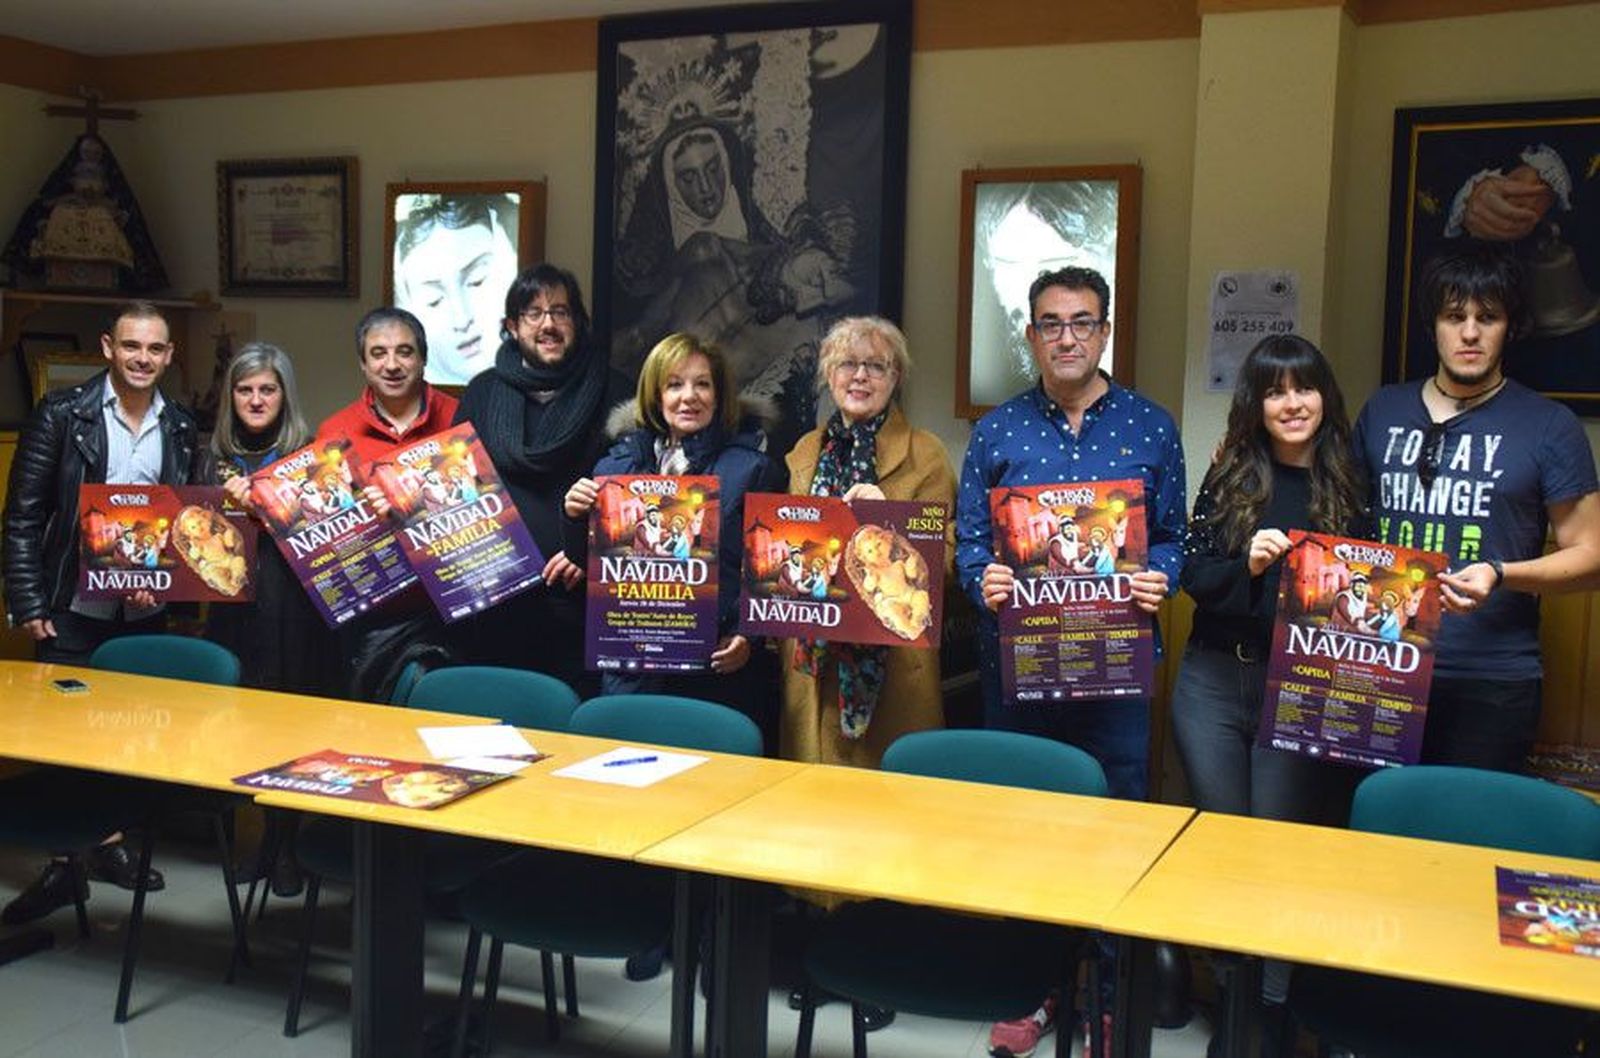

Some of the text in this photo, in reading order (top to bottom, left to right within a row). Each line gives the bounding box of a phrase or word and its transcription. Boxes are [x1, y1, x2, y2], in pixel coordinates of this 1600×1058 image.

[1383, 426, 1504, 478] TOAY,
[1380, 472, 1495, 518] CHANGE
[404, 492, 503, 550] NAVIDAD
[431, 518, 503, 556] FAMILIA
[1379, 516, 1482, 561] YOUR
[87, 569, 172, 590] NAVIDAD
[600, 556, 708, 585] NAVIDAD
[617, 583, 696, 600] FAMILIA
[1011, 573, 1135, 609] NAVIDAD
[748, 598, 841, 627] NAVIDAD
[1285, 623, 1420, 673] NAVIDAD
[1284, 682, 1311, 694] CALLE
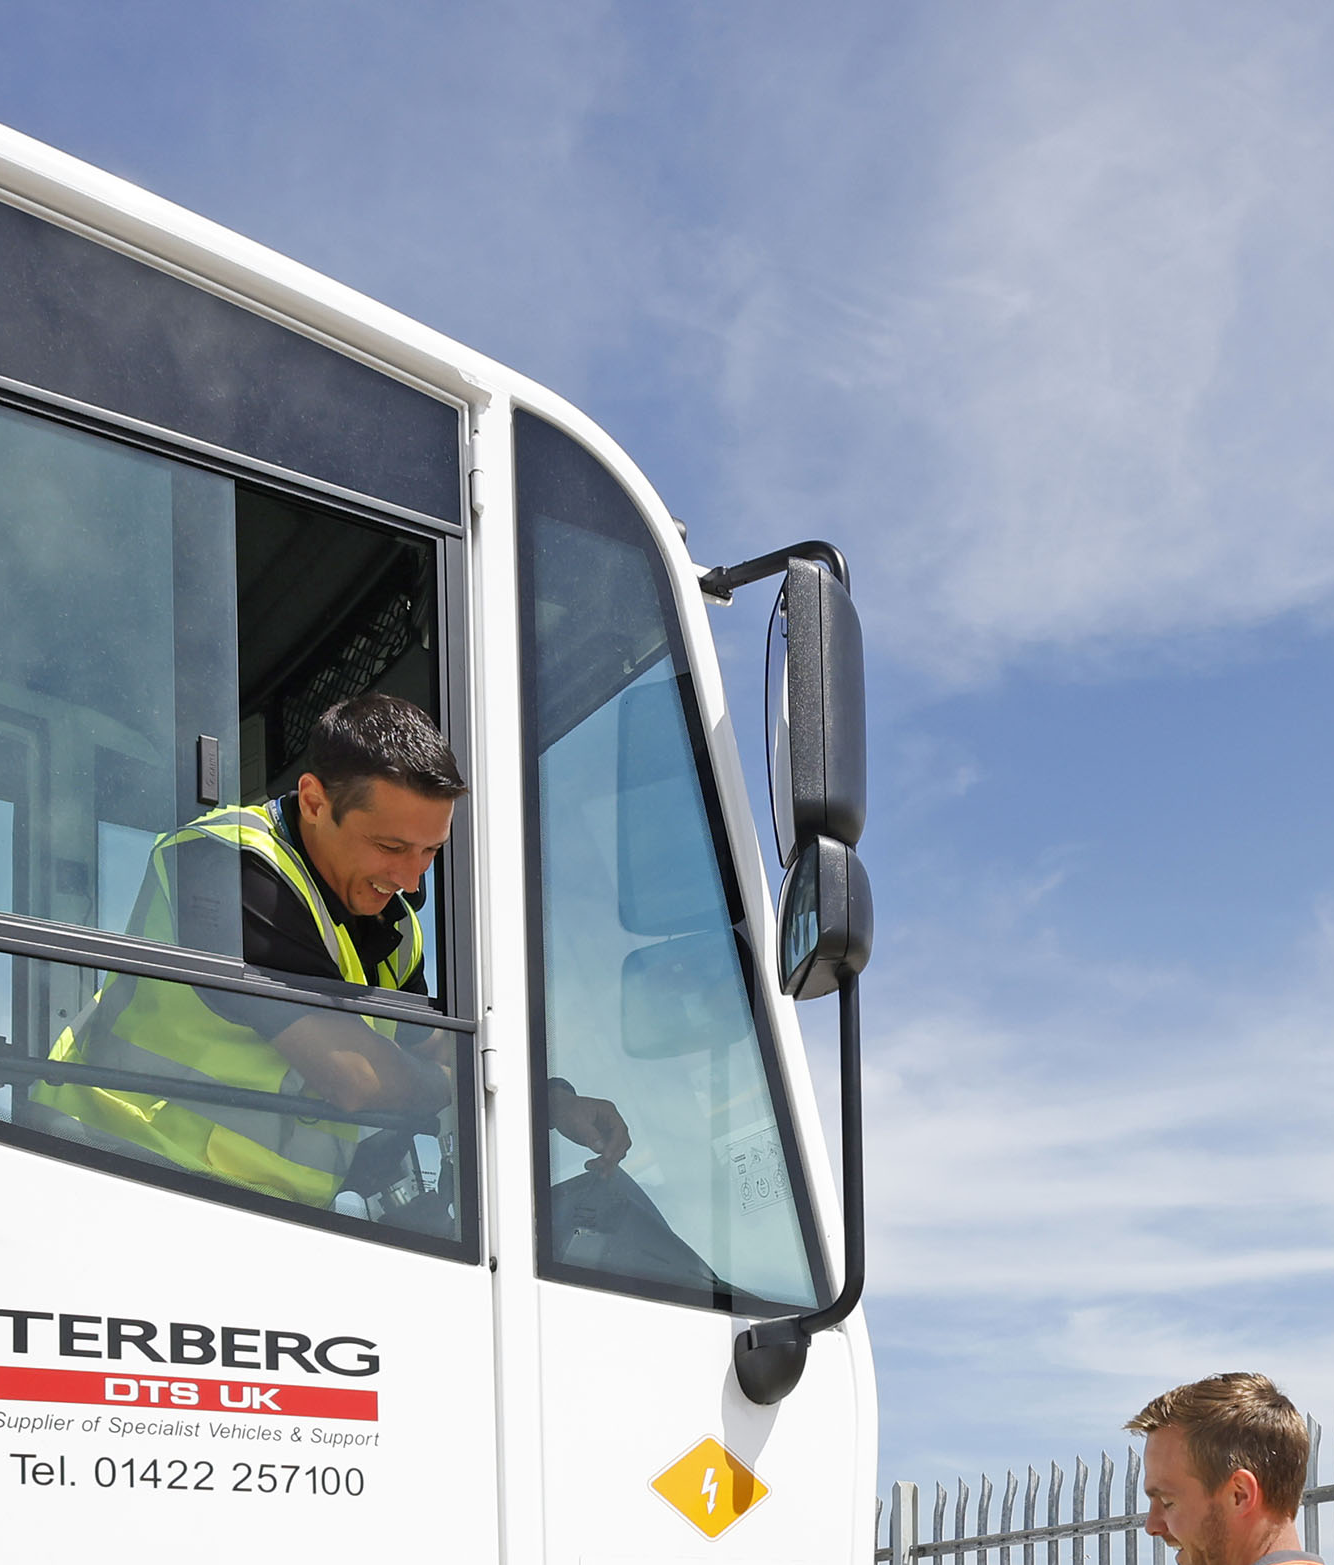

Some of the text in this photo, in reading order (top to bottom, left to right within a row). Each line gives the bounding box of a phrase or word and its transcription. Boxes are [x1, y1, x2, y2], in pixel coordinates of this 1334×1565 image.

[104, 1377, 282, 1411] DTS UK
[81, 1416, 102, 1433] of
[108, 1416, 200, 1440] Specialist
[209, 1422, 284, 1442] Vehicles
[289, 1426, 303, 1443] &
[311, 1428, 381, 1449] Support
[9, 1453, 365, 1497] Tel. 01422 257100
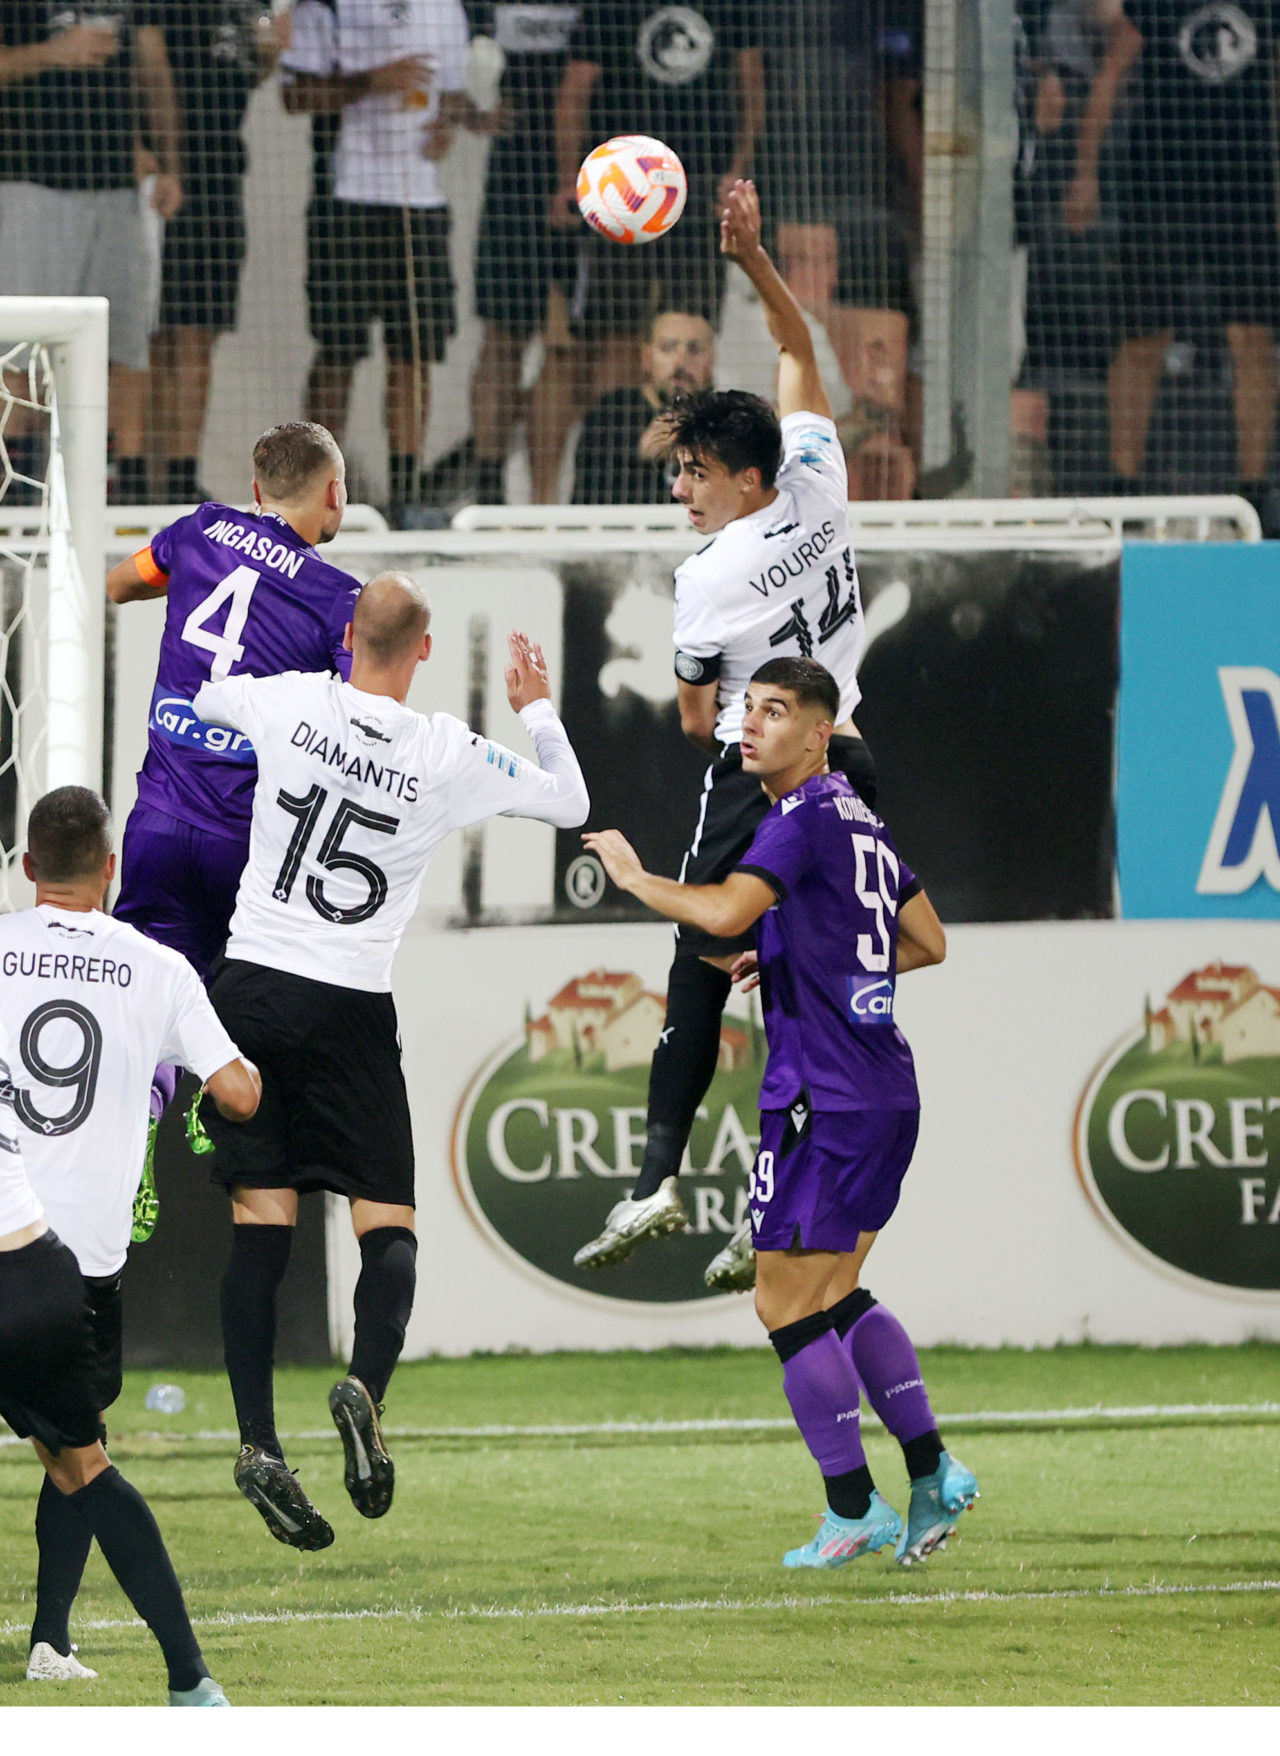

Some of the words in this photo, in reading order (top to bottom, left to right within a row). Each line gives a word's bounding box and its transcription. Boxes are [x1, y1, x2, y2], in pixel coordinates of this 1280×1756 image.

[202, 520, 304, 579] INGASON
[749, 521, 835, 597] VOUROS
[181, 564, 261, 683] 4
[290, 721, 420, 803] DIAMANTIS
[272, 783, 400, 925] 15
[851, 832, 900, 973] 59
[3, 951, 132, 988] GUERRERO
[14, 999, 103, 1136] 9
━━━━━━━━━━
## Exercise details:
Every line of the material is to be quoted exactly, with no pictures carried over.

## Completed exercise:
Some of the text in this photo, in reading order (top to bottom, left to right within a row). Each line gives the bounding box of a phrase or word and its transcription. Boxes are [x1, y1, x2, y2], in pixel coordinates of this 1600×1058 image.

[1383, 426, 1504, 478] TOAY,
[1380, 472, 1495, 518] CHANGE
[404, 492, 503, 550] NAVIDAD
[431, 518, 503, 556] FAMILIA
[1379, 516, 1482, 561] YOUR
[87, 569, 172, 590] NAVIDAD
[600, 556, 708, 585] NAVIDAD
[617, 583, 696, 600] FAMILIA
[1011, 573, 1135, 609] NAVIDAD
[748, 598, 841, 627] NAVIDAD
[1285, 623, 1420, 673] NAVIDAD
[1284, 682, 1311, 694] CALLE

Some of the text in this photo, in reading order (top to bottom, left to right within a row). Each line gives the bounding box of a phrase or word and its transcription. Boxes are [x1, y1, x2, y2], in pixel coordinates of this 1334×1565 image.

[104, 1377, 282, 1411] DTS UK
[81, 1416, 102, 1433] of
[108, 1416, 200, 1440] Specialist
[209, 1422, 284, 1442] Vehicles
[289, 1426, 303, 1443] &
[311, 1428, 381, 1449] Support
[9, 1453, 365, 1497] Tel. 01422 257100

Some of the words in this photo, in reading order (top to bottom, left to right within a row). Each line gives a word's bounding box and its transcription. Boxes are [x1, y1, x2, y2], in pixel coordinates of this 1280×1756 image.

[202, 520, 304, 579] INGASON
[749, 521, 835, 597] VOUROS
[181, 564, 261, 683] 4
[290, 721, 420, 803] DIAMANTIS
[272, 783, 400, 925] 15
[851, 832, 900, 973] 59
[3, 951, 132, 988] GUERRERO
[14, 999, 103, 1136] 9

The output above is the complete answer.